Mais la voiture électrique (VE) n’a pas totalement disparu. Alors que le smog californien trouve son coupable, l’automobile thermique, la NUE (National Union Electric), productrice de batteries et Eureka Williams, une société d’électro-ménager, proposent la fabrication d’une VE, en réponse à cette nuisance, à la société Henney Motor qui conçoit sa motorisation sur le châssis Renault de la « Dauphine » en 1959.
 
 
Le poids excessif des batteries embarquées dans la voiture donne lieu à de piètres performances qui, associées à son prix élevé, et, malgré la production de trente-deux véhicules, conduit le projet au fiasco.
 
La VE fait parler d’elle à nouveau, lors du premier choc pétrolier de 1973 – guerre du Kipour et augmentation historique du prix du baril de pétrole en conséquence-, encore une fois en période de crise. En pleine euphorie de la motorisation thermique, la production automobile est alors tirée vers le haut grâce à de nouvelles initiatives marketing : outre la segmentation de l’offre par niveaux de qualité et de prix, GM (General Motors) présente dès 1972 de nouvelles directives commerciales : un modèle de voiture pour chaque type de prix, un écart de prix pas trop important (pas de production limitée qui ferait figure de fantaisie) mais tout de même significatif pour offrir une gamme complète, pas de véhicule qui ferait double emploi.
 
C’est dans ce contexte que revient pourtant la VE, les autorités publiques se trouvant confrontées à l’éternel problème des alternatives énergétiques en temps de crise pour faire des économies. La France fait le choix de l’énergie nucléaire, mais des recherches sur la VE sont conduites, qui aboutiront cependant à une commercialisation très limitée.
 
 
EDF (Electricité de France) collabore avec Renault sur deux modèles, 4L et R5 à accumulateurs. Ces deux véhicules (4L 1971, R5 1974), qui inaugurent la voiture électrifiée – voiture thermique fonctionnant à l’électricité -, sont expérimentés sur les sites d’EDF pour la première, et quelques hauts fonctionnaires en guise de bon exemple pour la seconde en font usage courant. Voici les mots du ministre de la qualité de la vie du gouvernement Jacques Chirac, André Jarrot (1974), et qui possédait une R5 électrique, à l’arrivée au conseil des ministres : « L’automobile électrique est à la voiture à essence ce que le planeur est à l’avion. () Cette voiture est aussi facile à conduire qu’une bicyclette, je suis un homme heureux ».
 
Pas sûr que les paroles de cet ardent défenseur du moteur électrique aient convaincu à l’époque.
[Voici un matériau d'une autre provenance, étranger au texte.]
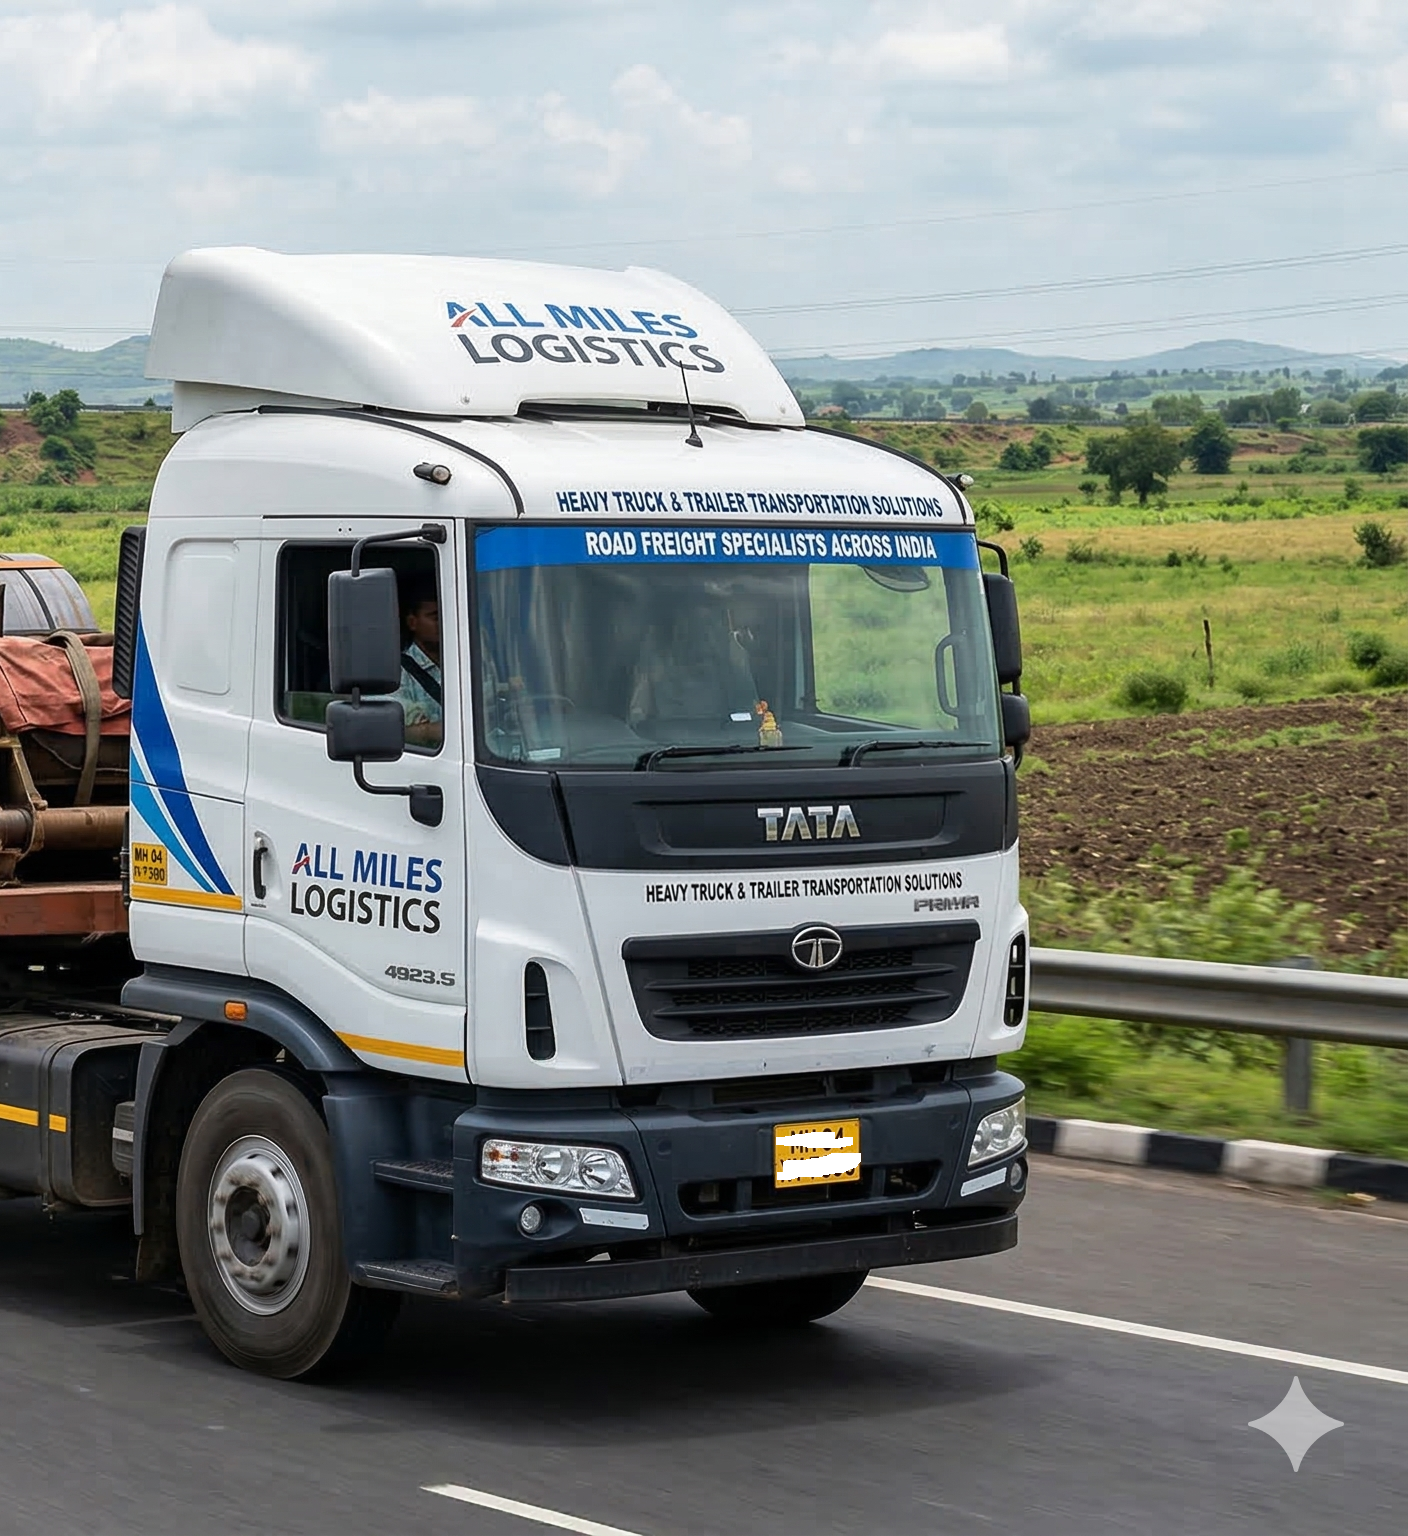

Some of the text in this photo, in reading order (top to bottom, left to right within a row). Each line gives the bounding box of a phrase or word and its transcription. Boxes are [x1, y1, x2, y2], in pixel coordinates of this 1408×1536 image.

[446, 301, 698, 339] ALL MILES
[457, 333, 725, 373] LOGISTICS
[556, 491, 943, 518] HEAVY TRUCK & TRAILER TRANSPORTATION SOLUTIONS
[585, 531, 938, 559] ROAD FREIGHT SPECIALISTS ACROSS INDIA
[757, 804, 861, 841] TATA
[134, 847, 163, 864] MH 04
[292, 842, 443, 893] ALL MILES
[646, 872, 963, 903] HEAVY TRUCK & TRAILER TRANSPORTATION SOLUTIONS
[291, 882, 441, 934] LOGISTICS
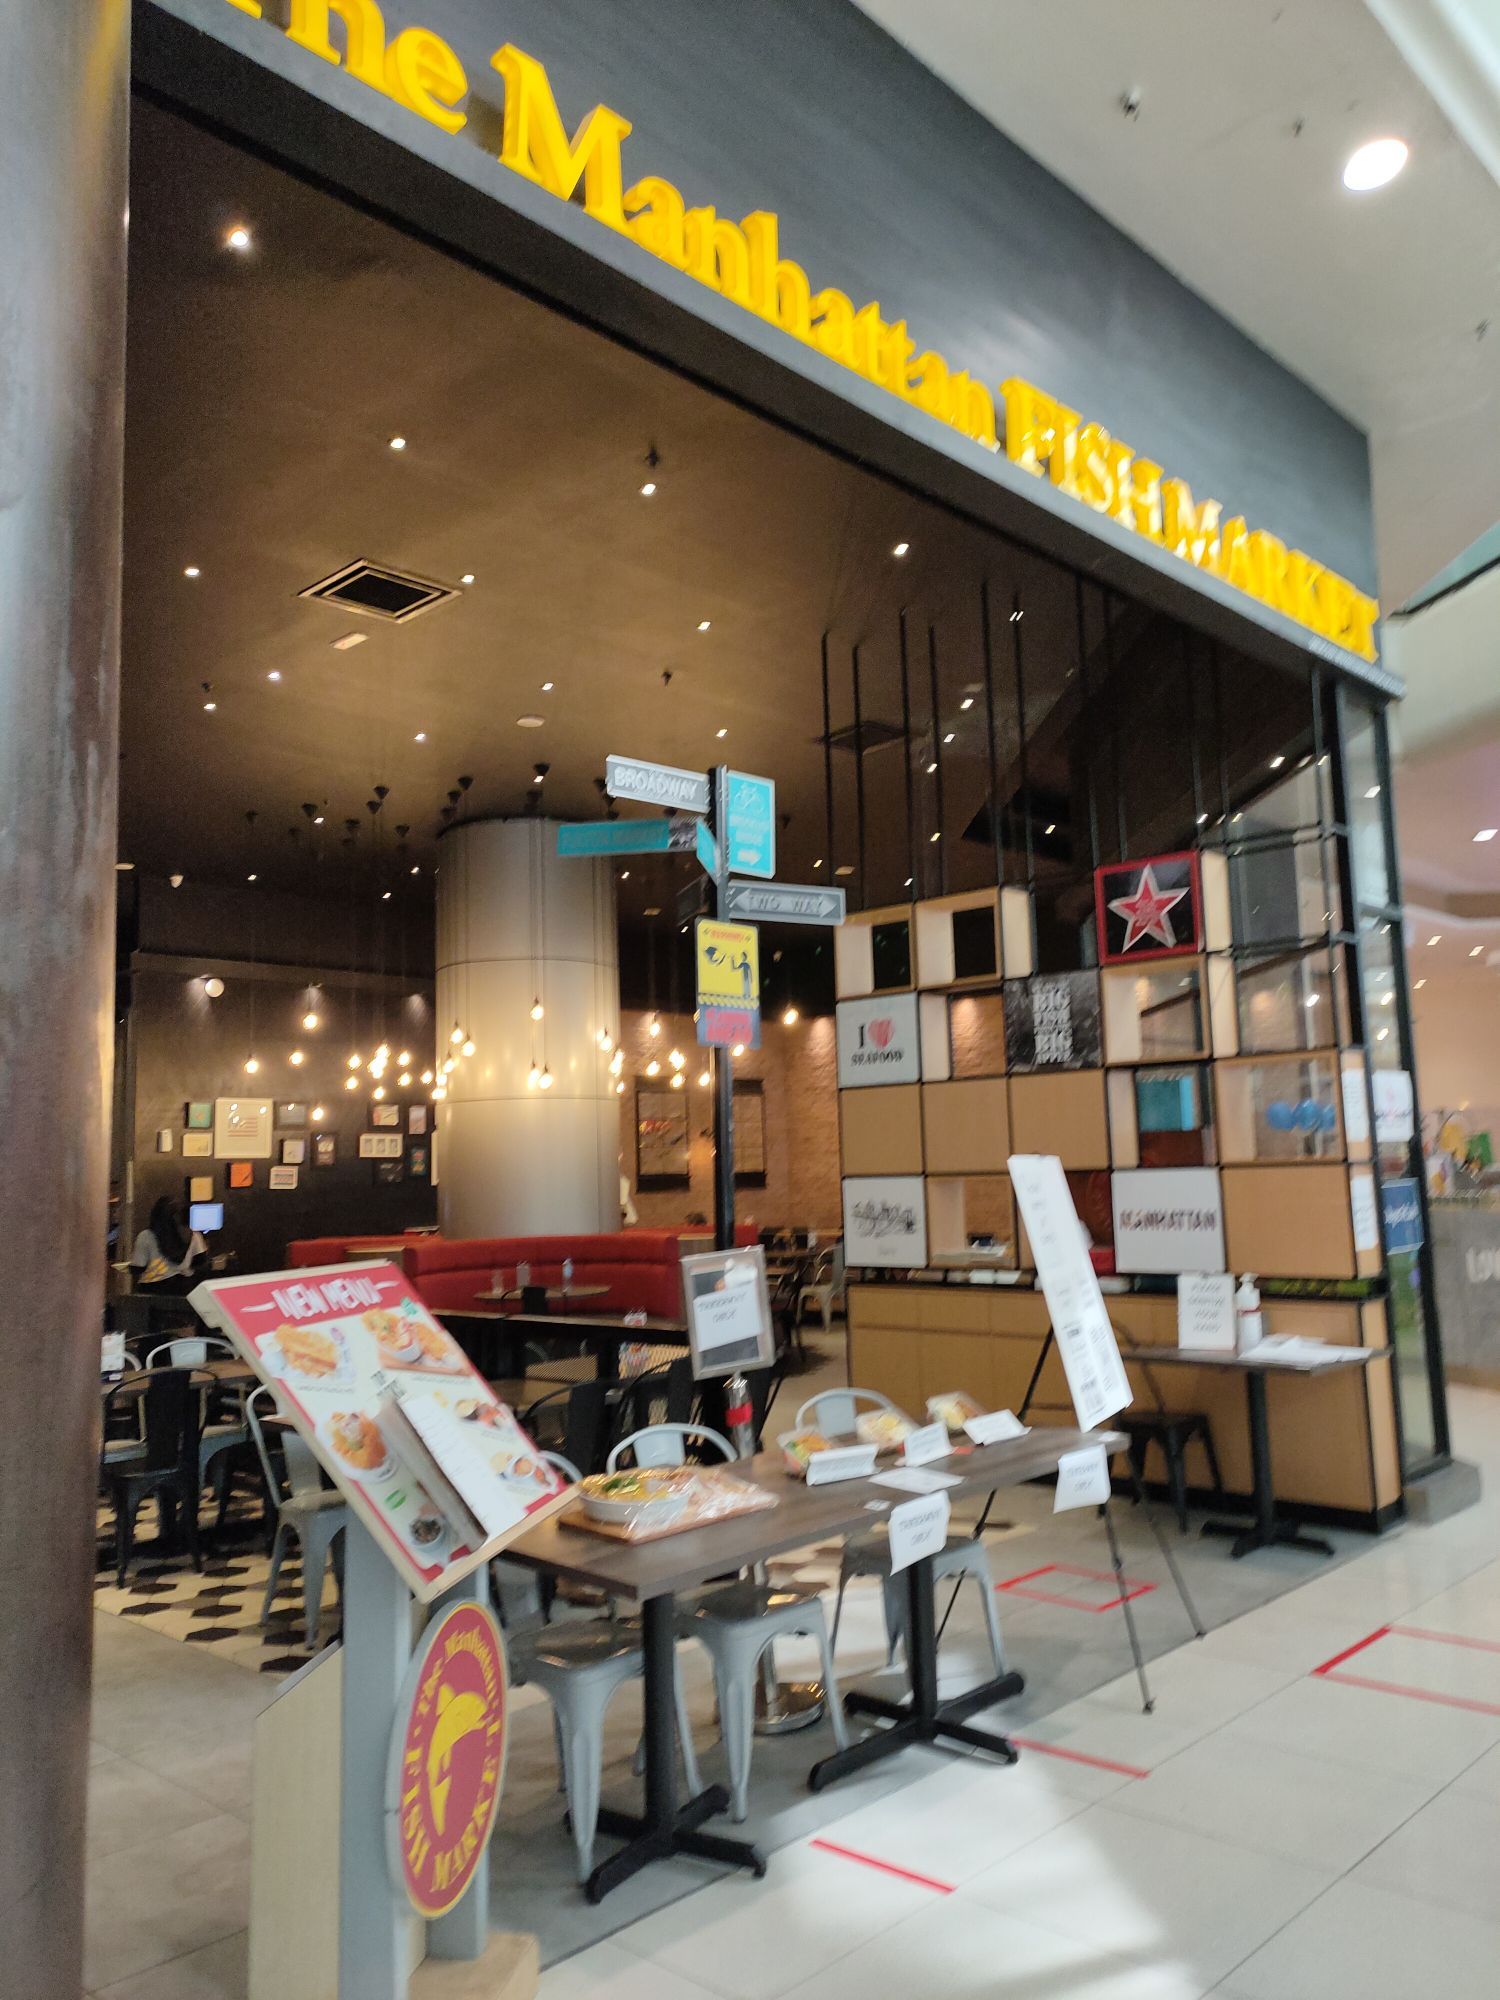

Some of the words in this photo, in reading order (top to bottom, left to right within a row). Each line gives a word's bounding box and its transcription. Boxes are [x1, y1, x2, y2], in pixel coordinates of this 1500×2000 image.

En effet, si l’on compare une R5 électrique avec une R5 thermique, pour une carrosserie équivalente, donc un design sensiblement égal, l’autonomie est quatre fois supérieure pour le modèle thermique, la vitesse pratiquement deux fois supérieure, mais le prix presque deux fois moindre. Bien qu’un prototype ne puisse être comparé à la production d’une voiture en série, on ne peut pas, à dire vrai, parler de progrès quant aux performances, ni d’économie quant au prix.
 
Différentes expériences seront tentées jusqu’au deuxième choc pétrolier de 1977. Elles conduiront à quelques avancées, notamment sur les chaînes de tractions électroniques et les batteries qui apporteront puissance et autonomie, mais ce sera très insuffisant pour enrayer un réel bouleversement.
 
Lunar roving vehicle
 
Enfin, symbole non négligeable, la lunar roving vehicle (RLV), VE développée par GM pour la NASA (National Aeronautic and Space Administration) en quatre exemplaires pour des missions d’exploration sur la lune, parcourt trente-sept kilomètres en dix-sept km/h (Apollo XVII) sur l’astre solitaire sans problème. Mais après 1977, les recherches sur la VE sont quasiment en stand-by au profit de la production conventionnelle, le choc pétrolier est finalement absorbé économiquement.
 

Troisième résurgence – années 1990

Les années 90 signent cependant le nouveau retour de la VE avec une motivation différente, cette fois, en raison d’une crise d’un autre genre, et certainement plus salutaire que les précédentes résurgences, la lutte contre la pollution atmosphérique, et la prise de conscience de l’épuisement à plus ou moins long terme des réserves de pétrole. Cette nouvelle motivation pour la VE entraine de nouvelles résolutions, plus difficilement contournables, et de nouvelles réglementations sur les émissions de gaz à effet de serre. Notamment le Clean Air Act américain (CAA, 1963) et son amendement de 1990, sous l’impulsion du gouvernement de G H W Bush (1989-1993) qui accentue nettement sa législation antipollution avec des objectifs à court terme en matière d’environnement.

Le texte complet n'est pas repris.